Lesedauer: 9 Minuten

© FRANCK FIFE / AFP / picturedesk.com

In den letzten zwei Jahrzehnten explodierten die Ablösesummen im Weltfußball und stiegen bis in den dreistelligen Millionenbereich. Wie viel kann ein Spieler wert sein, was macht den Marktwert aus und wie wird er berechnet?

© PSG

222 Millionen Euro. Bei Kennern der Fußballszene läutet es bei diesem Betrag sofort. Es ist jene Summe, um die der Brasilianer Neymar im Sommer 2017 vom FC Barcelona zu Paris Saint-Germain wechselte. Der Transfermarkt wurde von Leuten aus dem Fußballgeschäft, aber vor allem von externen Personen wie Fans und Medien schon zuvor als »aus den Fugen geraten« bewertet. 222 Millionen Euro für einen einzelnen Spieler sprengten aber alles bisher Dagewesene und warfen erneut die Frage auf, wie viel ein Spieler wirklich wert sein kann.

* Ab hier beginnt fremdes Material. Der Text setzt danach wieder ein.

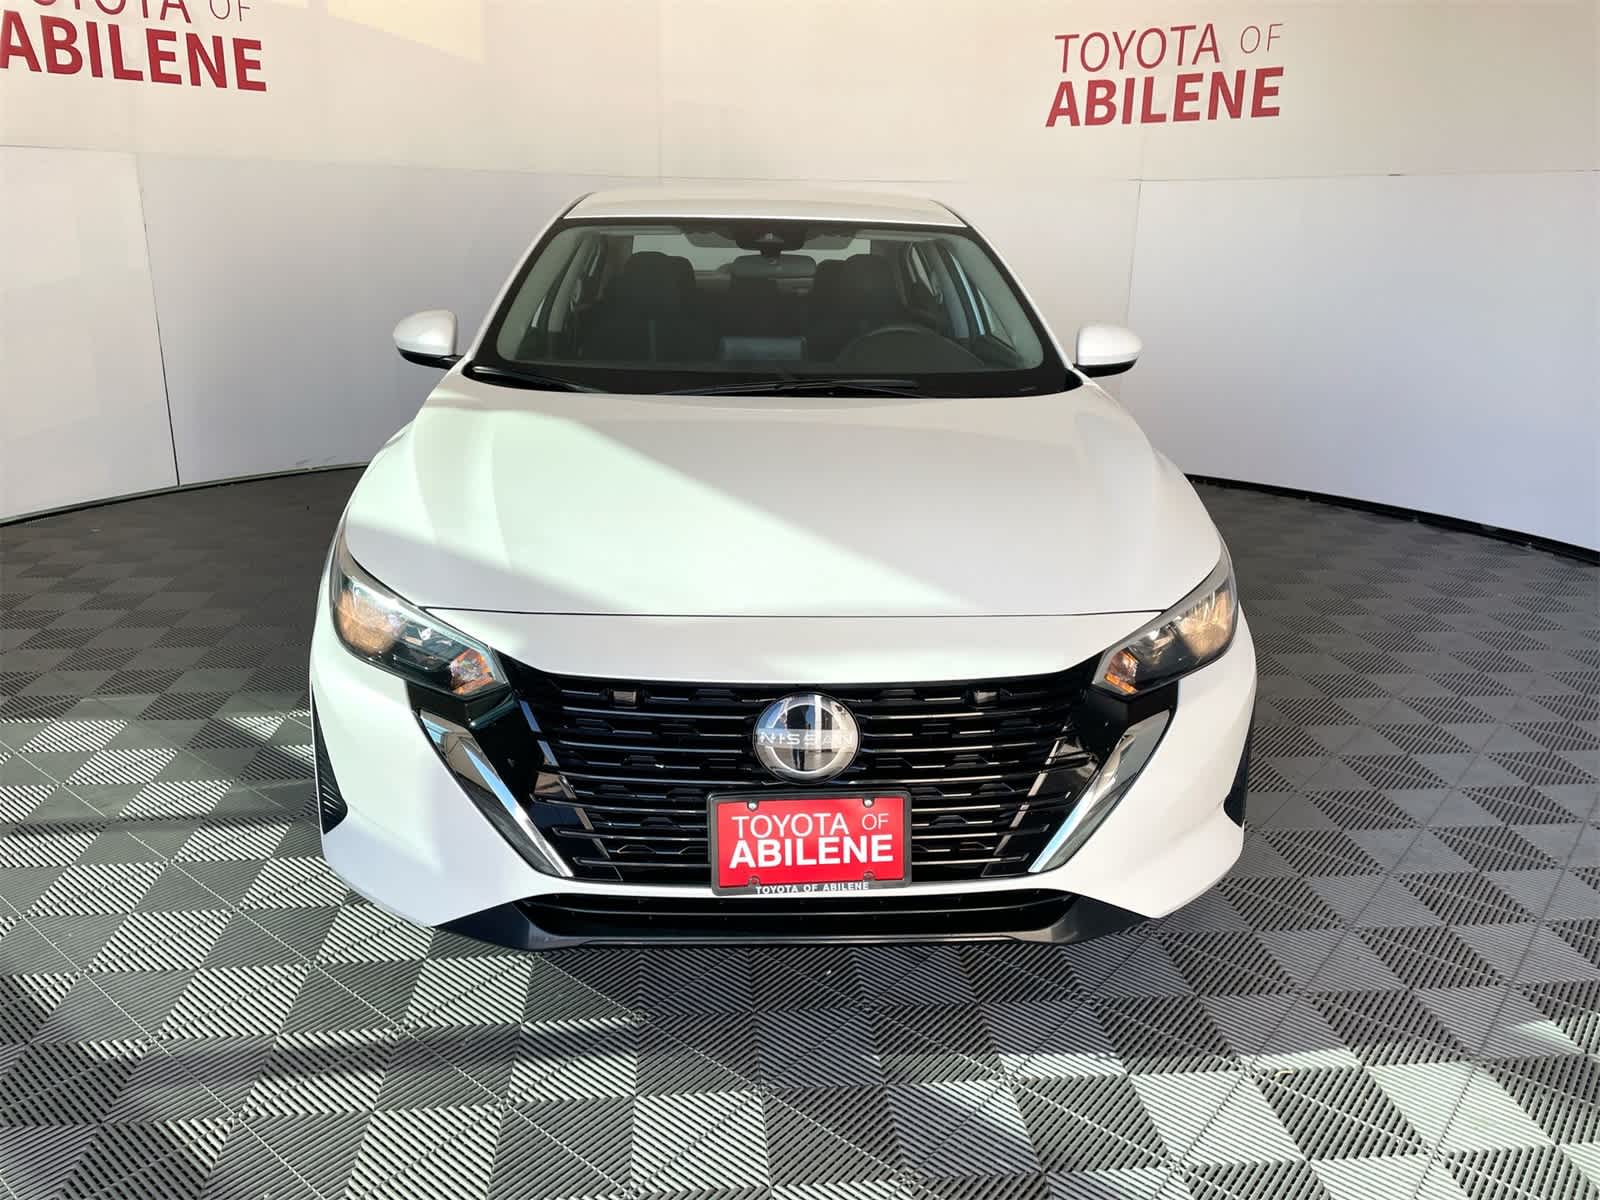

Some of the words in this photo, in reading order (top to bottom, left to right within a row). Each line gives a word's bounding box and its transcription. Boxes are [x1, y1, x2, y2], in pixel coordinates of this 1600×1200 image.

[0, 10, 267, 92] ABILENE
[1054, 23, 1220, 73] TOYOTA
[1240, 23, 1284, 54] OF
[1045, 67, 1284, 128] ABILENE
[759, 732, 853, 746] NISSAN
[731, 813, 849, 838] TOYOTA
[861, 813, 889, 831] OF
[729, 834, 894, 869] ABILENE
[756, 885, 800, 895] TOYOTA
[803, 883, 819, 892] OF
[823, 881, 870, 891] ABILENE

Christoph Freund: »Der Marktwert der Spieler stellt sich aus verschiedenen – oft auch subjektiven Parametern – zusammen«

© Andreas Schaad

Wie kommen Vereine auf derartige Ablösesummen?

Wie wird der Marktwert eines Spielers berechnet? »Der Marktwert setzt sich aus der Vertragslaufzeit, dem Alter und den Leistungen des Spielers in der Liga und international, aber auch der Erwartungshaltung bei einem späteren Weiterverkauf zusammen«, erklärt Österreichs bekanntester Spielerberater Max Hagmayr im Gespräch mit dem Sport Business Magazin. Selbstverständlich spielt auch die Nachfrage des jeweiligen Vereins eine Rolle. »Wie hoch sind der Druck beziehungsweise die Notwendigkeit eines Transfers, inwieweit bin ich in den Spieler ›verliebt‹«, so Peter Görlich, der seines Zeichens fünf Jahre lang Geschäftsführer bei einem deutschen Bundesligisten war.

Sportdirektor Christoph Freund erklärt uns auf Anfrage die Herangehensweise beim FC Red Bull Salzburg: »Da wir uns vorrangig auf junge Spieler konzentrieren, sind das eingeschätzte Potenzial und die Entwicklungsfähigkeit wesentliche Aspekte. Wir schauen insgesamt aber auch auf andere Fähigkeiten und versuchen, uns ein gutes und aussagekräftiges Gesamtbild des Spielers zu verschaffen.« Im Hinblick auf die Philosophie des Serienmeisters spiele auch der Weiterverkauf eine elementare Rolle: »Grundsätzlich ist es bei Transfers immer unser Ansatz, den Glauben und die Überzeugung zu haben, dass wir den Marktwert des Spielers bei uns in Salzburg noch steigern können.«

Sportliche Krisen oder Verletzungspech können einen Verein zur Verpflichtung eines neuen Spielers zwingen und dazu führen, dass »über dem Marktwert« bezahlt wird. Auf der anderen Seite können Profis, die in einer Mannschaft für Probleme sorgen, auch unter dem Marktwert abgegeben werden.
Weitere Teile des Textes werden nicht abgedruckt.